Start of Record set

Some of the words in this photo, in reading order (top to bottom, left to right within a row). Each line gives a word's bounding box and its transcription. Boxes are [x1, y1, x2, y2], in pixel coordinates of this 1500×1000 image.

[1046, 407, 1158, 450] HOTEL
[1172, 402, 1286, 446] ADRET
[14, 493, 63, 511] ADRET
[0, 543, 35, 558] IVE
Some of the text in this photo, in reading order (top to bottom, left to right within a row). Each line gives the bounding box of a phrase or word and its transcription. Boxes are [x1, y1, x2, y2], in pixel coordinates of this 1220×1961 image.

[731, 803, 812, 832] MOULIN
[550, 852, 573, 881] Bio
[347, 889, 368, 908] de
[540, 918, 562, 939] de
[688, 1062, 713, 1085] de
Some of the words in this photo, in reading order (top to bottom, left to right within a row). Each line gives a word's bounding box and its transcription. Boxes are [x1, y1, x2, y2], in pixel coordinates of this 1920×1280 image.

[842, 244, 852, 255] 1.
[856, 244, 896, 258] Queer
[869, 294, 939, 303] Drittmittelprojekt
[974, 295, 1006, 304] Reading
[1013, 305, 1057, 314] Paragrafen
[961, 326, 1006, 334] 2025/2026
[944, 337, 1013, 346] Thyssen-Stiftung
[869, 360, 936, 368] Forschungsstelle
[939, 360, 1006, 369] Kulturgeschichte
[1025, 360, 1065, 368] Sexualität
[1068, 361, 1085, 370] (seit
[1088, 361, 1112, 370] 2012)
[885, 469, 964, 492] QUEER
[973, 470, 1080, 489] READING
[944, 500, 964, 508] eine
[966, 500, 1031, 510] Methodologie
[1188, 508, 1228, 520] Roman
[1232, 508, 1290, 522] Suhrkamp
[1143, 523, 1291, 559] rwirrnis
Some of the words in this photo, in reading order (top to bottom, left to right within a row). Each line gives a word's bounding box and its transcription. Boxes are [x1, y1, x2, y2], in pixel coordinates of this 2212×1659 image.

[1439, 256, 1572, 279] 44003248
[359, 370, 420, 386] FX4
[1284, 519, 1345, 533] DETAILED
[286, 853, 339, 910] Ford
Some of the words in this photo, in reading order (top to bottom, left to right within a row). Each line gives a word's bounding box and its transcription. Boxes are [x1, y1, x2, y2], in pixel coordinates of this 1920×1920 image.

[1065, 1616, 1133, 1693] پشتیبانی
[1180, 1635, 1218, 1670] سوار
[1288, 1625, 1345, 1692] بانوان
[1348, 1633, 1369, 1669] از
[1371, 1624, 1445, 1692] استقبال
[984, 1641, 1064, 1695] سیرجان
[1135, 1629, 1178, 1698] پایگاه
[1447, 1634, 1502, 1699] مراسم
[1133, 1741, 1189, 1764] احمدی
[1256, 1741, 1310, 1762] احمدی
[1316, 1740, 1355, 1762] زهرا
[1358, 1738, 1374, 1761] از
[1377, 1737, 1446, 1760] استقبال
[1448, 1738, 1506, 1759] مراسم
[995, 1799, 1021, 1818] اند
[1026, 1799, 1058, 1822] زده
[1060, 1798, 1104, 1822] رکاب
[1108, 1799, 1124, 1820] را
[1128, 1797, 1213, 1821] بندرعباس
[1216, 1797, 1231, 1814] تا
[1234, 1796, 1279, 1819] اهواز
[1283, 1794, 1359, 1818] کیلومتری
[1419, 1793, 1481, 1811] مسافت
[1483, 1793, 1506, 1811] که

End of Record set

▸ Assignment
Leaving no line out, return the data above verbatim.

▸ Written response
Some of the words in this photo, in reading order (top to bottom, left to right within a row). Each line gives a word's bounding box and its transcription. Boxes are [x1, y1, x2, y2], in pixel coordinates of this 1500×1000 image.

[1046, 407, 1158, 450] HOTEL
[1172, 402, 1286, 446] ADRET
[14, 493, 63, 511] ADRET
[0, 543, 35, 558] IVE
Some of the text in this photo, in reading order (top to bottom, left to right within a row). Each line gives the bounding box of a phrase or word and its transcription. Boxes are [x1, y1, x2, y2], in pixel coordinates of this 1220×1961 image.

[731, 803, 812, 832] MOULIN
[550, 852, 573, 881] Bio
[347, 889, 368, 908] de
[540, 918, 562, 939] de
[688, 1062, 713, 1085] de
Some of the words in this photo, in reading order (top to bottom, left to right within a row). Each line gives a word's bounding box and its transcription. Boxes are [x1, y1, x2, y2], in pixel coordinates of this 1920×1280 image.

[842, 244, 852, 255] 1.
[856, 244, 896, 258] Queer
[869, 294, 939, 303] Drittmittelprojekt
[974, 295, 1006, 304] Reading
[1013, 305, 1057, 314] Paragrafen
[961, 326, 1006, 334] 2025/2026
[944, 337, 1013, 346] Thyssen-Stiftung
[869, 360, 936, 368] Forschungsstelle
[939, 360, 1006, 369] Kulturgeschichte
[1025, 360, 1065, 368] Sexualität
[1068, 361, 1085, 370] (seit
[1088, 361, 1112, 370] 2012)
[885, 469, 964, 492] QUEER
[973, 470, 1080, 489] READING
[944, 500, 964, 508] eine
[966, 500, 1031, 510] Methodologie
[1188, 508, 1228, 520] Roman
[1232, 508, 1290, 522] Suhrkamp
[1143, 523, 1291, 559] rwirrnis
Some of the words in this photo, in reading order (top to bottom, left to right within a row). Each line gives a word's bounding box and its transcription. Boxes are [x1, y1, x2, y2], in pixel coordinates of this 2212×1659 image.

[1439, 256, 1572, 279] 44003248
[359, 370, 420, 386] FX4
[1284, 519, 1345, 533] DETAILED
[286, 853, 339, 910] Ford
Some of the words in this photo, in reading order (top to bottom, left to right within a row). Each line gives a word's bounding box and its transcription. Boxes are [x1, y1, x2, y2], in pixel coordinates of this 1920×1920 image.

[1065, 1616, 1133, 1693] پشتیبانی
[1180, 1635, 1218, 1670] سوار
[1288, 1625, 1345, 1692] بانوان
[1348, 1633, 1369, 1669] از
[1371, 1624, 1445, 1692] استقبال
[984, 1641, 1064, 1695] سیرجان
[1135, 1629, 1178, 1698] پایگاه
[1447, 1634, 1502, 1699] مراسم
[1133, 1741, 1189, 1764] احمدی
[1256, 1741, 1310, 1762] احمدی
[1316, 1740, 1355, 1762] زهرا
[1358, 1738, 1374, 1761] از
[1377, 1737, 1446, 1760] استقبال
[1448, 1738, 1506, 1759] مراسم
[995, 1799, 1021, 1818] اند
[1026, 1799, 1058, 1822] زده
[1060, 1798, 1104, 1822] رکاب
[1108, 1799, 1124, 1820] را
[1128, 1797, 1213, 1821] بندرعباس
[1216, 1797, 1231, 1814] تا
[1234, 1796, 1279, 1819] اهواز
[1283, 1794, 1359, 1818] کیلومتری
[1419, 1793, 1481, 1811] مسافت
[1483, 1793, 1506, 1811] که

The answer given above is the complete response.